_Stored data entries_

• • •

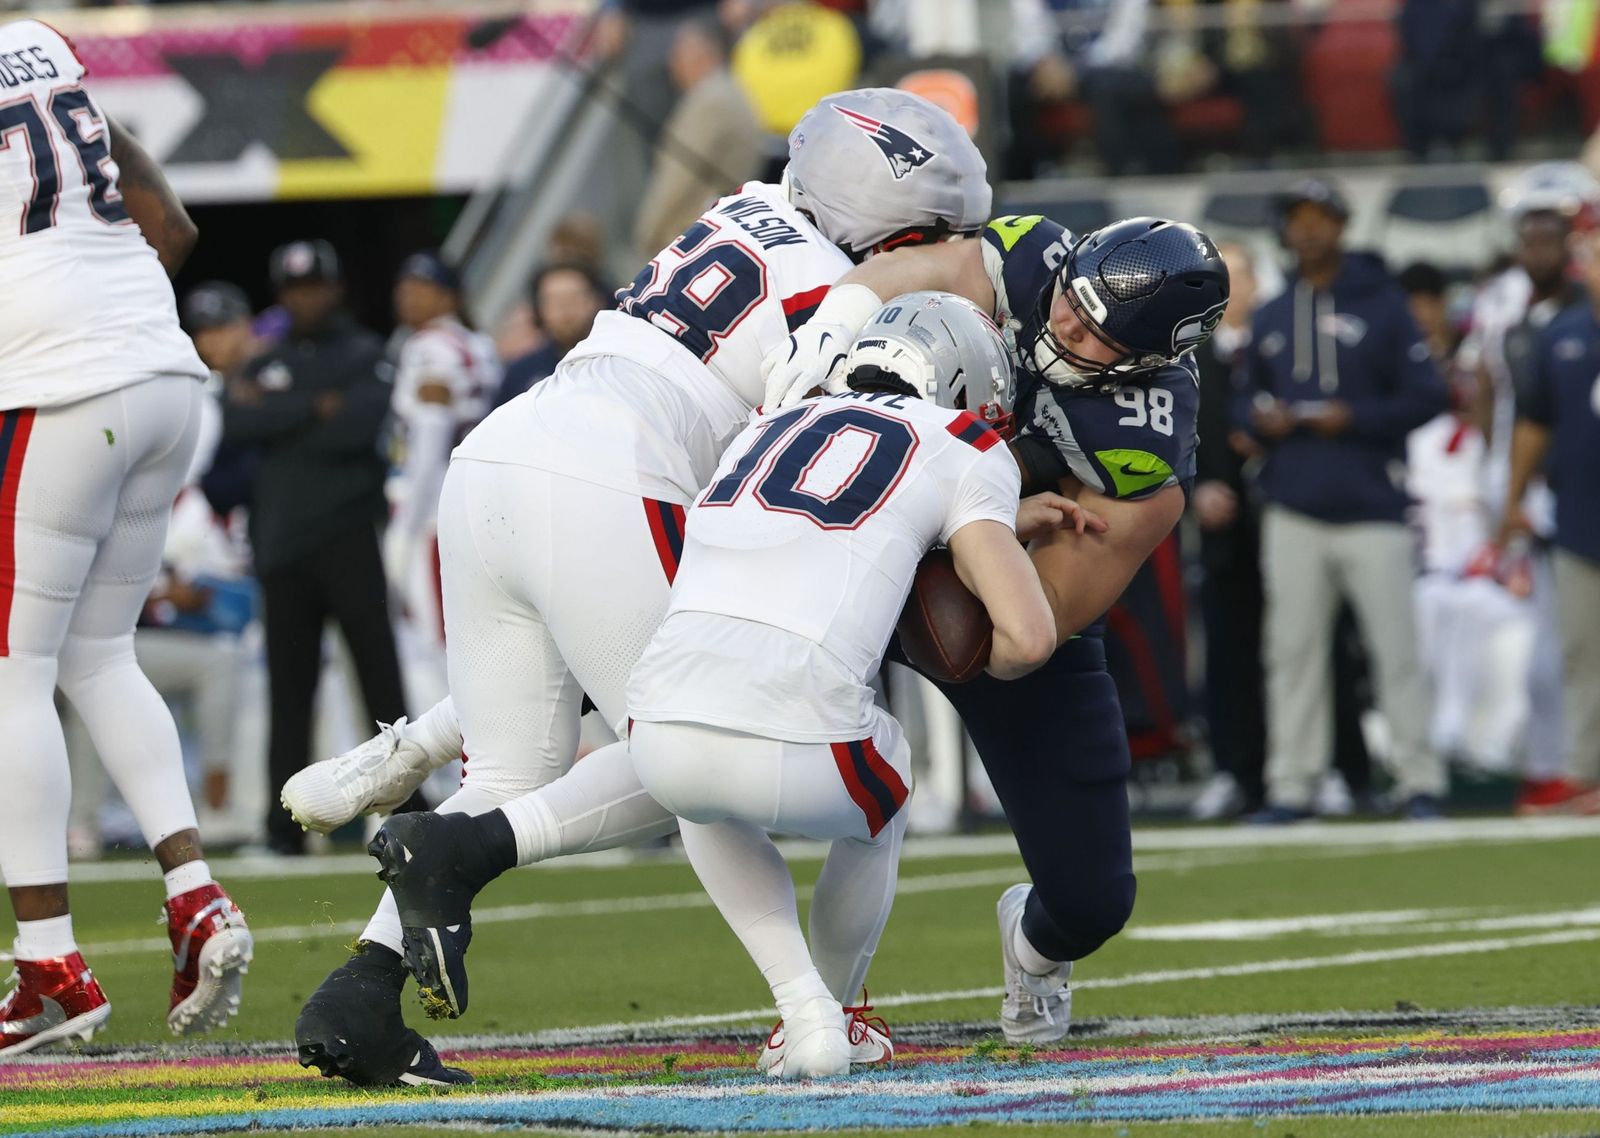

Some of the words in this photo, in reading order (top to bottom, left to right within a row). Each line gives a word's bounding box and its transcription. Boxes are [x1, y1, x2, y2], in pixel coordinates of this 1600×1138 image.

[0, 46, 59, 89] OSES
[0, 82, 134, 236] 76
[716, 195, 808, 251] WILSON
[875, 306, 903, 325] 10
[1114, 386, 1174, 437] 98
[698, 403, 920, 531] 10
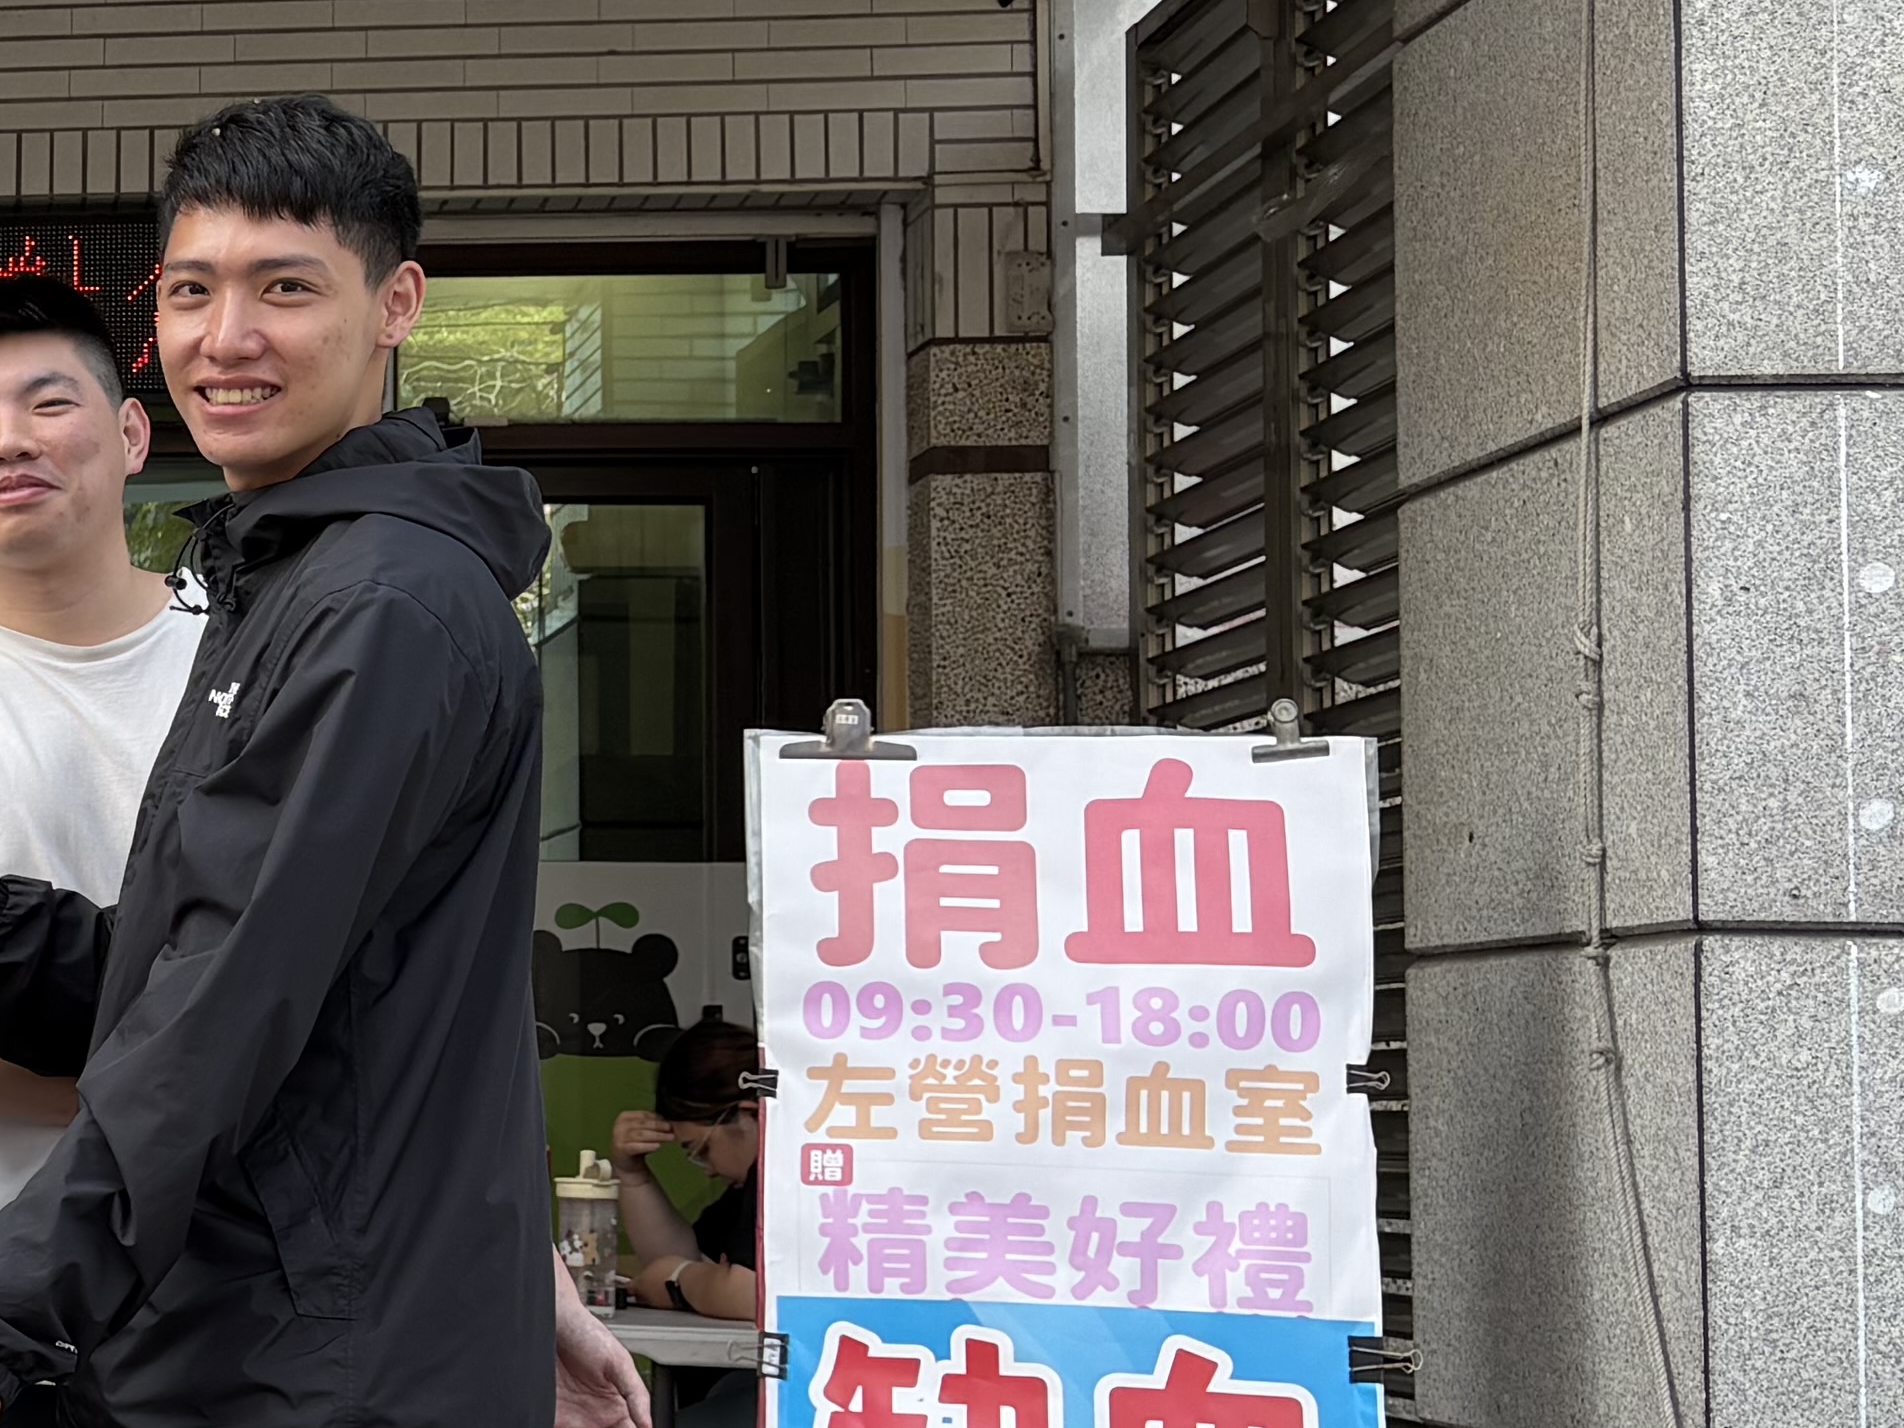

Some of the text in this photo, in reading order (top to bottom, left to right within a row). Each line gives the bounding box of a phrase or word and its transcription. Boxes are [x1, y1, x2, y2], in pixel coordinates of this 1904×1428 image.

[808, 757, 1316, 970] 捐血
[802, 981, 1320, 1052] 09:30-18:00
[803, 1052, 1322, 1156] 左營捐血室
[817, 1187, 1314, 1314] 精美好禮

• • •

_WORK TASK_
Copy the entries character for character, excluding any pictures.

_RESULT FOR THIS TASK_
Some of the words in this photo, in reading order (top to bottom, left to right within a row). Each line gives a word's bounding box and its transcription. Boxes are [x1, y1, x2, y2], in pixel coordinates of this 1600×1138 image.

[0, 46, 59, 89] OSES
[0, 82, 134, 236] 76
[716, 195, 808, 251] WILSON
[875, 306, 903, 325] 10
[1114, 386, 1174, 437] 98
[698, 403, 920, 531] 10

Some of the text in this photo, in reading order (top to bottom, left to right within a row). Each line gives the bounding box of a phrase or word and its transcription. Boxes are [x1, y1, x2, y2], in pixel coordinates of this 1904×1428 image.

[808, 757, 1316, 970] 捐血
[802, 981, 1320, 1052] 09:30-18:00
[803, 1052, 1322, 1156] 左營捐血室
[817, 1187, 1314, 1314] 精美好禮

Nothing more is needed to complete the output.